O SENHOR É O MEU PASTOR, E NADA ME FALTARÁ?
O Salmo 23 é lugar comum na poesia da alma. Todos o amam. Ele é cheio de candura e de promessas.
O Senhor é o meu pastor, e nada me faltará!
Quem não quer poder não mais precisar de coisa alguma?
A questão é que a maioria gosta do Salmo porque ele é bonito, e entra na alma como pasto verde é percebido pela ovelha sem comida, vinda do deserto.
Sim, o Salmo 23 mexe com nossas confianças mais infantis, e, por essa razão, nos acalma como se estivéssemos mamando nos peitos de Deus.
A questão é o Salmo só é lido em dois grandes momentos da alma. Ou quando tudo está bem; então, o bem sentido é compatível com a promessa do Salmo do Pastor. Ou quando se está em desespero; então, o Salmo é lido como que para lembrar ao Pastor que nós não nos esquecemos de Suas promessas.
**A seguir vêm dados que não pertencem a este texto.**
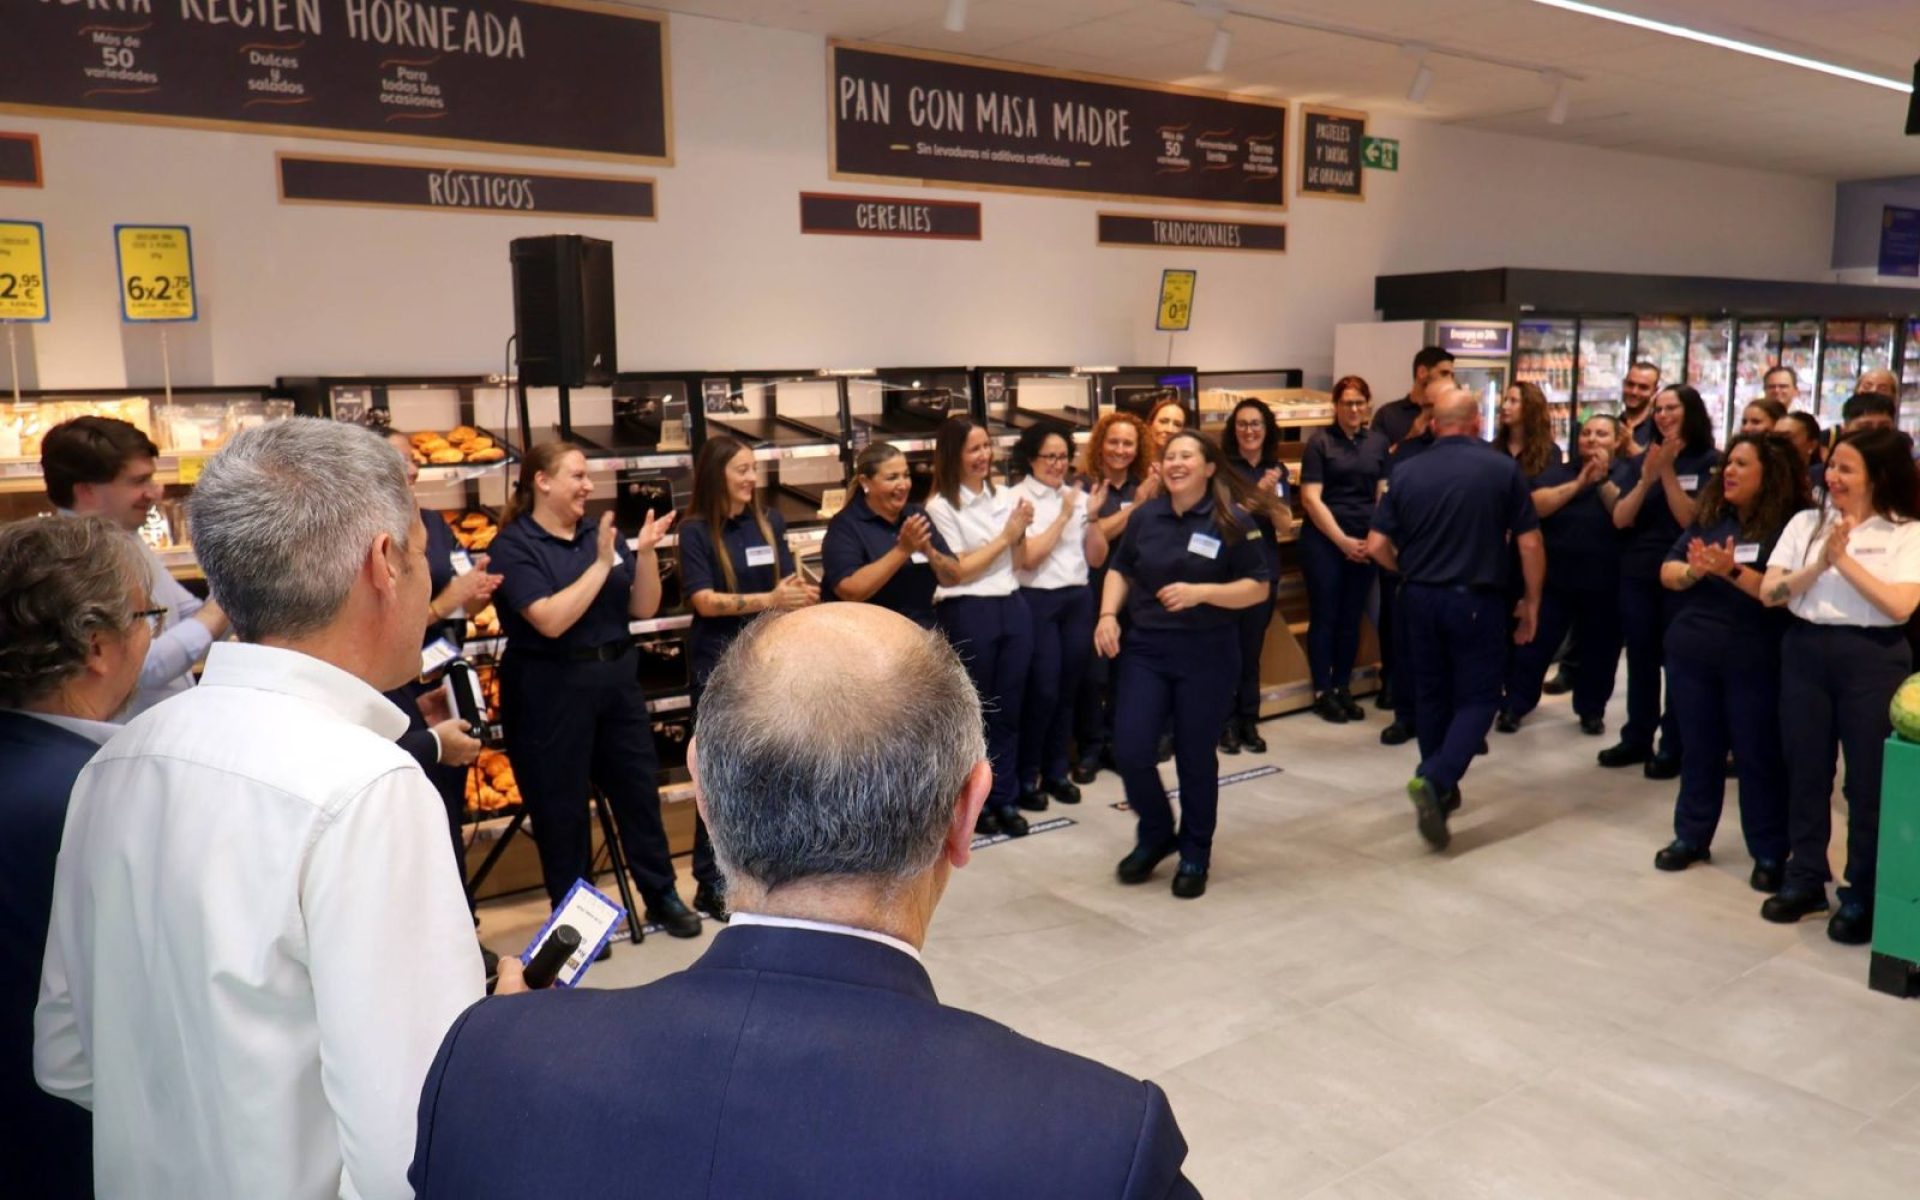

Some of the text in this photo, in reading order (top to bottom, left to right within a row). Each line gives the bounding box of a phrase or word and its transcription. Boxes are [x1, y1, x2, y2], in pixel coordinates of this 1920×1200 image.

[347, 0, 525, 58] HORNEADA
[123, 36, 140, 48] de
[102, 48, 134, 68] 50
[250, 51, 298, 69] Dulces
[84, 67, 158, 83] variedades
[270, 69, 281, 82] y
[397, 67, 427, 82] Para
[248, 79, 304, 95] salados
[380, 93, 444, 108] ocasiones
[840, 76, 1131, 147] PAN CON MASA MADRE
[1316, 122, 1350, 142] PASTELES
[916, 142, 1071, 168] Sin levaduras ni aditivos artificiales
[1165, 141, 1181, 156] 50
[1316, 146, 1322, 160] Y
[1308, 167, 1319, 183] DE
[428, 169, 535, 209] RÚSTICOS
[856, 203, 932, 232] CEREALES
[1152, 220, 1241, 247] TRADICIONALES
No entanto, a maioria ama o Salmo apesar de achar que ele é irreal. De fato, o Salmo não parece condizer com a Realidade. Parece prometer o que não cumpre.
Será que é assim?
Eu creio que a promessa do Salmo do Pastor se cumpre nas vidas daqueles que conheceram o Pastor do Salmo.
Mas como se cumpre ele se a vida parece gritar quase sempre o contrário?
O que mais se vê à volta é as pessoas se queixando do tanto que lhes falta!
Ouvir as pessoas, sejam elas cristãs ou não, é sempre um exercício de ouvir carências e necessidade.
Ora, se eu mesmo admito isto, como posso afirmar que o Salmo do Pastor tem seu cumprimento para quem conhece o Pastor do Salmo?
Estou eu dizendo que as pessoas não conhecem o Pastor, e por isto é que tudo lhes falta?
Estou eu afirmando que crer no Pastor é garantia de toda sorte de realização de desejos?
Estou eu propondo uma fé que nos dê a certeza da constante abastança?
O que de fato estou dizendo?
O que digo é simples: “O Senhor é meu pastor e nada me faltará” significa não que não tenhamos mais necessidades nesta existência, mas sim que para aquele para quem o Pastor é Tudo, tudo o mais vira Nada.
Assim, nada me faltará porque tudo deixa de me provocar como Falta e Ausência em razão de que a entrega ao Pastor realiza em nós satisfação no espírito, e não na alma e no corpo.
Ora, o corpo é insaciável e a alma é sempre desejosa. O espírito, todavia, só se realiza quando deixa de desejar.
Este é o paradoxo!
Quando se encontra o Pastor nada muda, necessariamente, do lado de fora. Tudo, porém, que nos falta fora, é reduzido a Nada em razão do Tudo que se realiza dentro.
Assim, o cansaço, a falta de ar, a necessidade de direção, a fome, as contradições da existência, o vale da sombra da morte, e tudo mais, dão lugar a pastos verdejantes, águas tranqüilas, a banho de frescor, a perfumes ungidos mesmo que o ambiente esteja carregado de inimigos—que podem até se assentar à mesa conosco—, e as sombras da morte são transformadas em vereda de vida pela Companhia interior do Pastor.
De fato, o chamado do Salmo é para a renuncia dos desejos tirânicos, e a entrega à quietude confiante.
Na realidade, paradoxalmente, o caminho da paz é proporcional a ausência de desejos. Quanto mais desejos, menos paz. Quanto mais paz, menos desejos.
Não é esse, porventura, o significado de morrer a fim de se ganhar a vida, conforme o convite do Bom Pastor?
Quanto mais morte, menos desejo, e quanto menos desejo, mais paz, e quanto mais paz, mais alegria no espírito. Portanto, mais vida.
Assim, bem-aventurado é todo aquele que no espírito pode dizer a si mesmo: “O Senhor é a minha porção e a minha herança.” Ou ainda: “Bem nenhum tenho, senão a Ti somente, ó Senhor”.
Felizes os auto-depojados, pois esses possuem Tudo, no Nada.